- WORK REQUEST -
For the full listing below, write out each entry exactly and exclude the images.

*** Opening of ENTRIES SHOWN ***

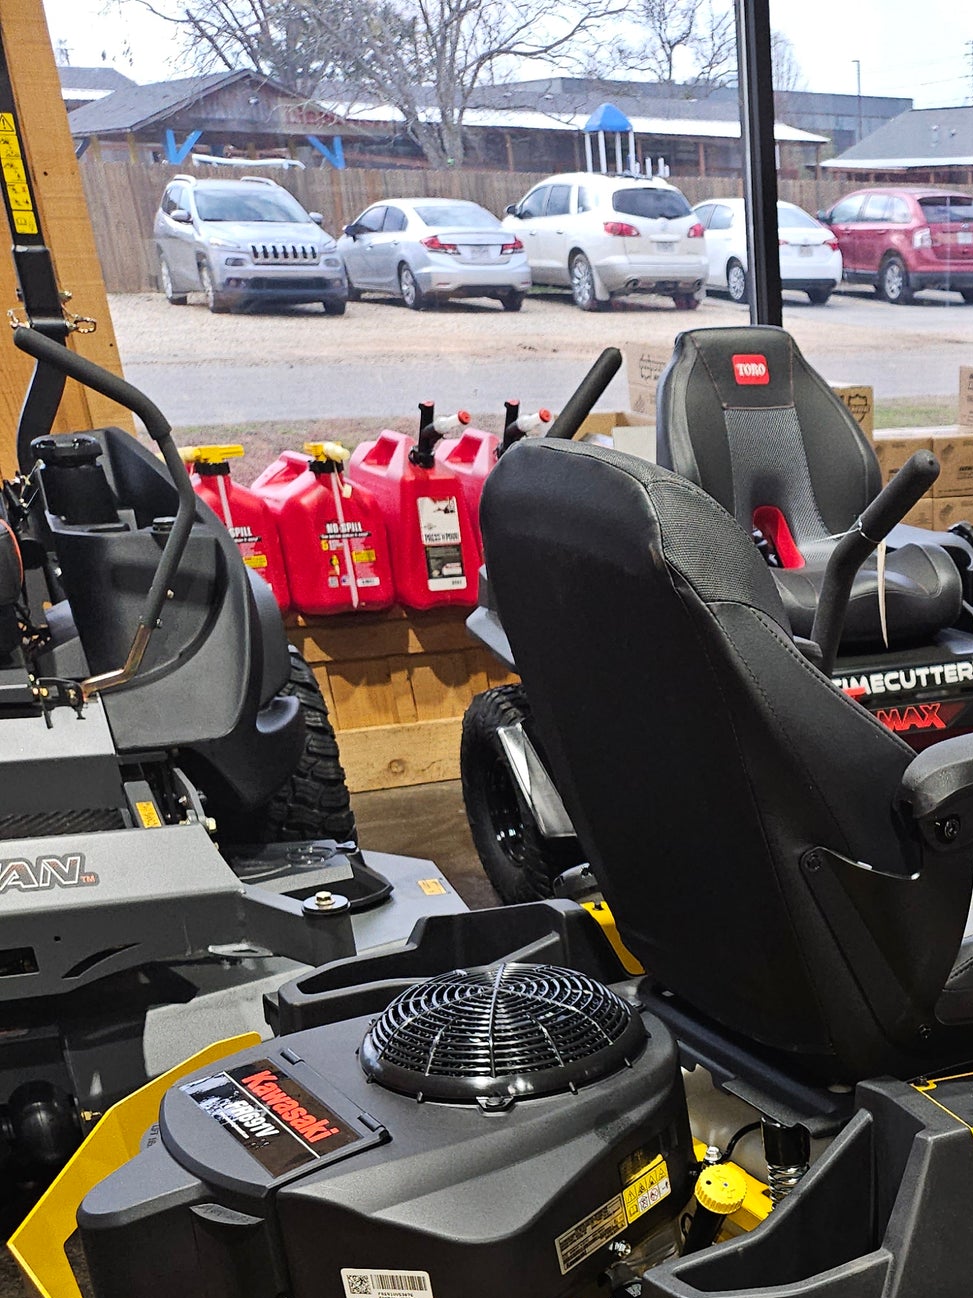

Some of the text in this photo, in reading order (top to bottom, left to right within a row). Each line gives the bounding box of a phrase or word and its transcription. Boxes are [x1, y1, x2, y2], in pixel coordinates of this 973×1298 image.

[736, 362, 767, 377] TORO
[876, 703, 946, 731] MAX
[229, 1099, 280, 1138] FR691V
[241, 1069, 340, 1144] Kawasaki
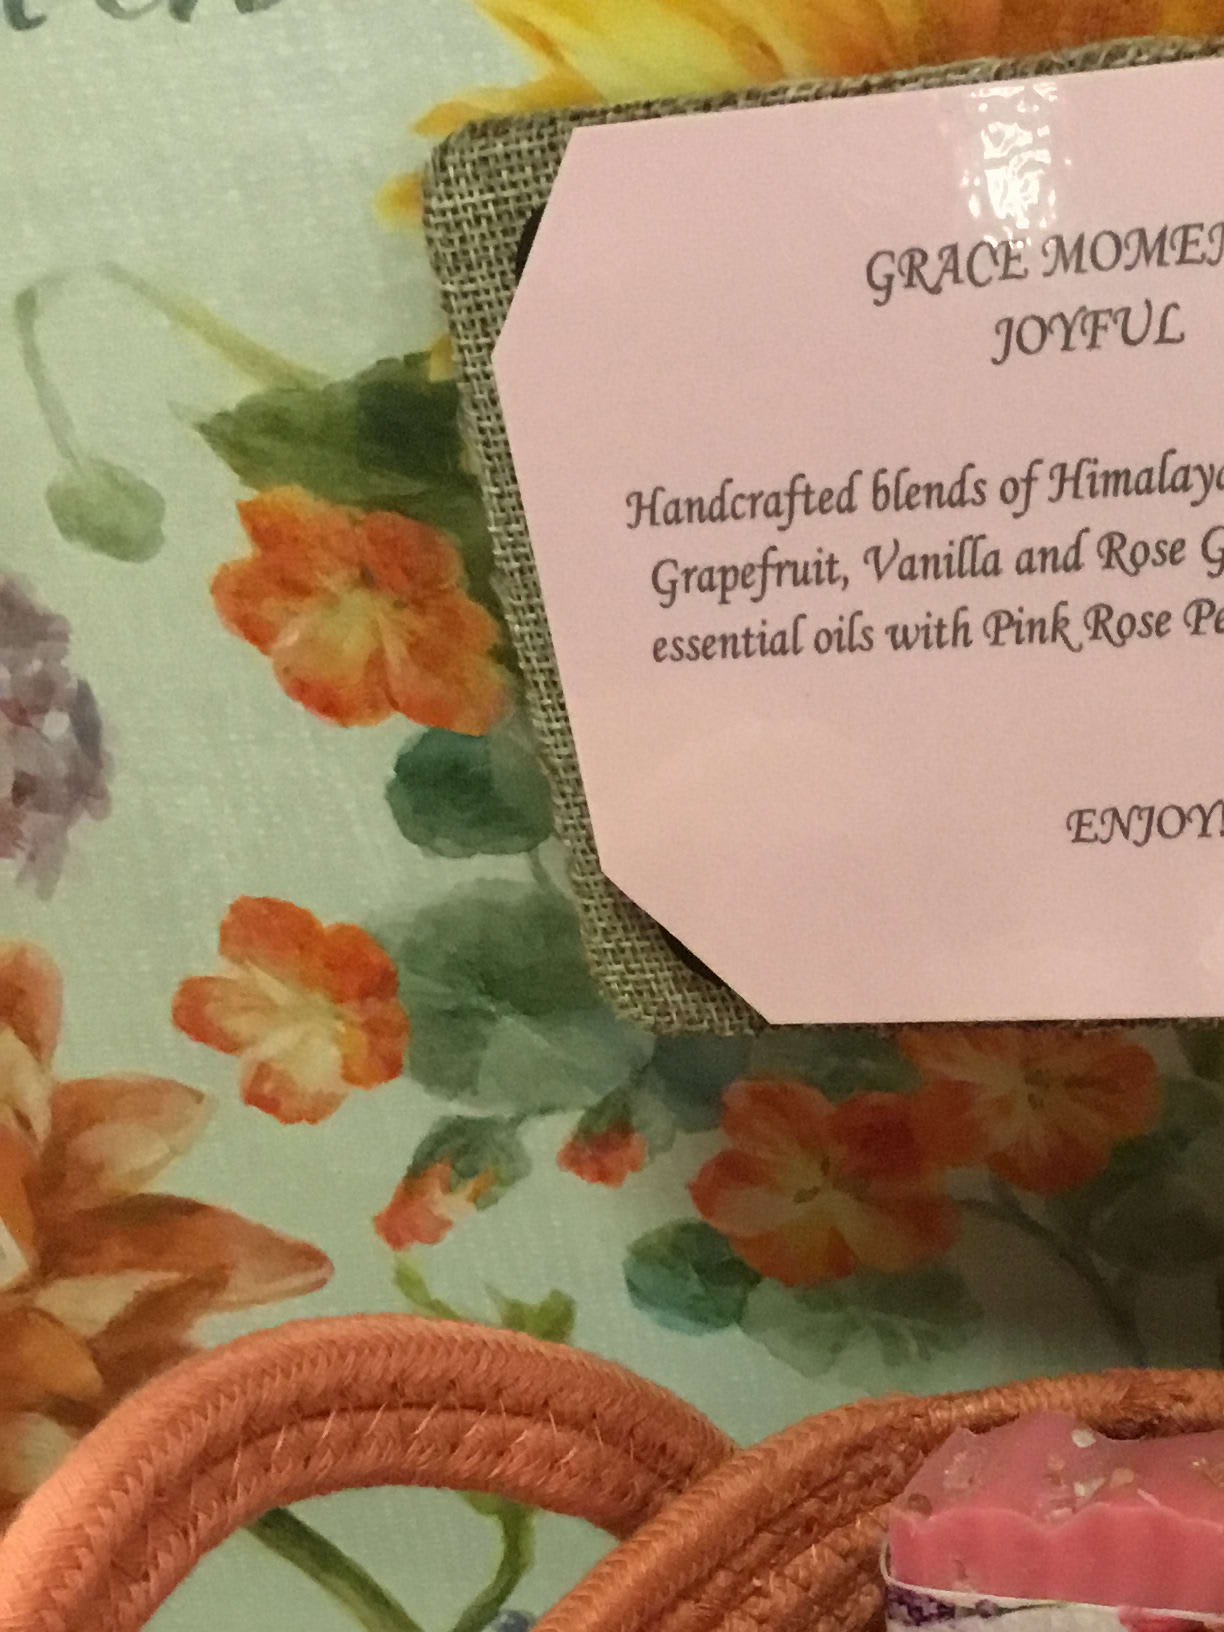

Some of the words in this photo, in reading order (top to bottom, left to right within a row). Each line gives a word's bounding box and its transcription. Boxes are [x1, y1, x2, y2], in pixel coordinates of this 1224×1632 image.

[866, 240, 1029, 308] GRACE
[990, 297, 1186, 366] JOYFUL
[625, 467, 862, 532] Handcrafted
[871, 462, 988, 513] blends
[999, 458, 1044, 520] of
[651, 544, 850, 610] Grapefruit,
[862, 533, 1003, 584] Vanilla
[1014, 526, 1091, 577] and
[1096, 530, 1187, 578] Rose
[652, 612, 808, 664] essential
[813, 609, 875, 655] oils
[884, 606, 974, 652] with
[982, 599, 1083, 653] Pink
[1083, 602, 1172, 649] Rose
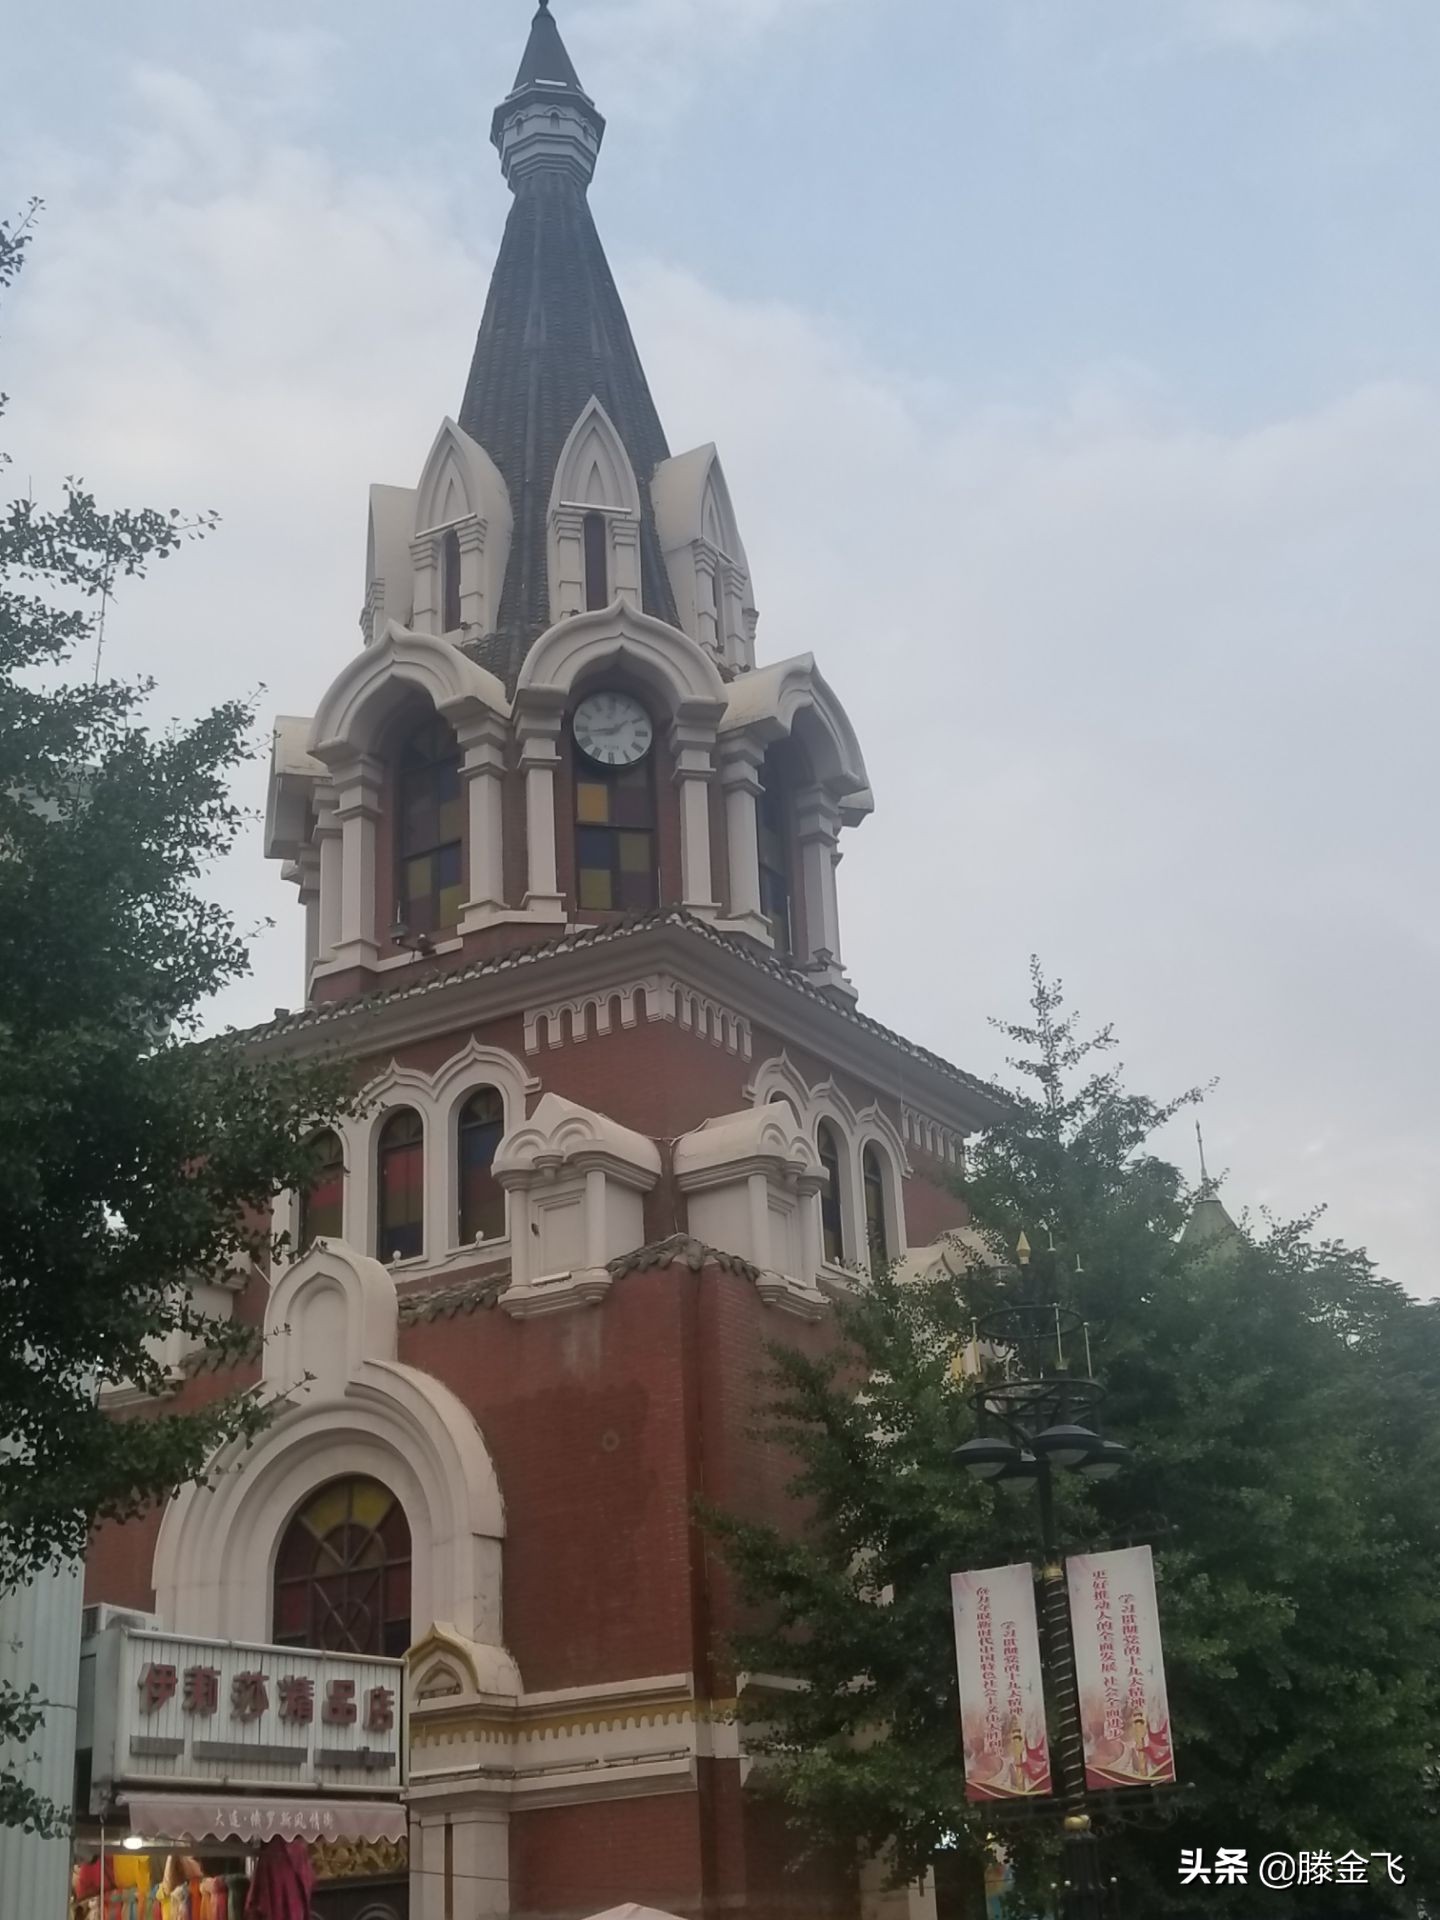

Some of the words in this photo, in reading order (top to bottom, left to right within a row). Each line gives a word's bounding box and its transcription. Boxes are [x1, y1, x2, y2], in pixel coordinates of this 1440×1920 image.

[137, 1661, 396, 1733] 伊莉莎精品店

*** Close of ENTRIES SHOWN ***

- TASK RESPONSE -
Some of the text in this photo, in reading order (top to bottom, left to right within a row). Each line gives the bounding box of a phrase or word and its transcription. Boxes are [x1, y1, x2, y2], in pixel coordinates of this 973×1298 image.

[736, 362, 767, 377] TORO
[876, 703, 946, 731] MAX
[229, 1099, 280, 1138] FR691V
[241, 1069, 340, 1144] Kawasaki

Some of the words in this photo, in reading order (top to bottom, left to right within a row). Each line gives a word's bounding box and its transcription. Boxes are [x1, y1, x2, y2], in pixel coordinates of this 1224×1632 image.

[866, 240, 1029, 308] GRACE
[990, 297, 1186, 366] JOYFUL
[625, 467, 862, 532] Handcrafted
[871, 462, 988, 513] blends
[999, 458, 1044, 520] of
[651, 544, 850, 610] Grapefruit,
[862, 533, 1003, 584] Vanilla
[1014, 526, 1091, 577] and
[1096, 530, 1187, 578] Rose
[652, 612, 808, 664] essential
[813, 609, 875, 655] oils
[884, 606, 974, 652] with
[982, 599, 1083, 653] Pink
[1083, 602, 1172, 649] Rose

Some of the words in this photo, in reading order (top to bottom, left to right within a row). Each line gives a word's bounding box and its transcription. Boxes are [x1, y1, x2, y2], in pixel coordinates of this 1440×1920 image.

[137, 1661, 396, 1733] 伊莉莎精品店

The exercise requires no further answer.